First mathematics professor at Vassar College (1838–1888)

Priscilla Harris Braislin Merrick (July 1838 – December 15, 1888) was the first mathematics professor at Vassar College.

==Early life==
Braislin was originally from Burlington, New Jersey,
the eldest of six children. Her father was Catholic and her mother Quaker, but with five of her siblings she became a Baptist; one of her brothers, Edward Braislin (1846–1915), became a Baptist minister.

==Vassar==
She was hired around 1865 to teach mathematics at Vassar, within the Department of Mathematics, Natural Philosophy and Chemistry.
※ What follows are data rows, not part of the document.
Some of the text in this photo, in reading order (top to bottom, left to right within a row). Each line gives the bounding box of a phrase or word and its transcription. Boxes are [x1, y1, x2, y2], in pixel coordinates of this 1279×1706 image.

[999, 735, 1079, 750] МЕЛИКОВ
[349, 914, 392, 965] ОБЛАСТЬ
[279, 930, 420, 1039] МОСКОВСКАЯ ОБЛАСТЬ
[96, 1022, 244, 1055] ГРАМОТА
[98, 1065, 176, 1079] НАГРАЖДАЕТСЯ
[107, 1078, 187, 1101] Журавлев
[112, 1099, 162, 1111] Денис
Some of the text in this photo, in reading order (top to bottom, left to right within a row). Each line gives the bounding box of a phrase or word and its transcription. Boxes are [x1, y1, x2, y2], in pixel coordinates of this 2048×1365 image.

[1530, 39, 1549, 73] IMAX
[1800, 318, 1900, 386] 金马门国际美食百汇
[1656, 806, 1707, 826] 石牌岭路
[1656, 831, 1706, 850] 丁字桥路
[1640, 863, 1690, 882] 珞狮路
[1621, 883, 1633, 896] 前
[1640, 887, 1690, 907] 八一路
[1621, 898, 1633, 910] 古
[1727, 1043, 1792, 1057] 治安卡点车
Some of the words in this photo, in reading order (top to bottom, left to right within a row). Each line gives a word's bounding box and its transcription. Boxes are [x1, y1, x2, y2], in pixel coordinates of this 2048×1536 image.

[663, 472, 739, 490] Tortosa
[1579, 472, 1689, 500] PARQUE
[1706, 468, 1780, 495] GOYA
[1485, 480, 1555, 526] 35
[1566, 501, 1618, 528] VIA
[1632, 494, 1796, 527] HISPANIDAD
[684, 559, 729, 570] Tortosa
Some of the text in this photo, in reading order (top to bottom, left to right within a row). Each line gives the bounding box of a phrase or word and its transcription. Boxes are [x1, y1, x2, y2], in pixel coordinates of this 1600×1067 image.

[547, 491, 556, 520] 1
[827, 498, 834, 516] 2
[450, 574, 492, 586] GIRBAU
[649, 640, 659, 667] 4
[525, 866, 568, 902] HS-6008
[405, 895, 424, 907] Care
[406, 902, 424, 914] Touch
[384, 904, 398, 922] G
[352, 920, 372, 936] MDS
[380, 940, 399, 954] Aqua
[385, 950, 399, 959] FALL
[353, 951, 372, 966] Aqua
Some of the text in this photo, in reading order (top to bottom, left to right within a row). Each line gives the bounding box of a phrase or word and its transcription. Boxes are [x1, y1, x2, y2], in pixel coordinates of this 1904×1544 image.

When the head of the department, Charles Farrar, stepped down in 1874, Braislin became the chair of the newly formed Department of Mathematics, and appointed as an instructor of mathematics.

In 1875 she was elected as professor of mathematics. She was the first professor in the department and the first female professor at Vassar, in addition to being (after Susan Jane Cunningham at Swarthmore College in 1871) one of the first female professors of mathematics in the US.

She resigned in 1887, to marry Timothy Merrick, a wealthy businessman in Holyoke, Massachusetts. She died of heart disease at her Holyoke home the following year. On December 18, 1888, her funeral was held in Holyoke.

==Legacy==
The Priscilla Braislin School for Girls in Bordentown, New Jersey was founded in 1889 and operated by two of Braislin's sisters, Alice G. Braislin and Mary Braislin Cooke.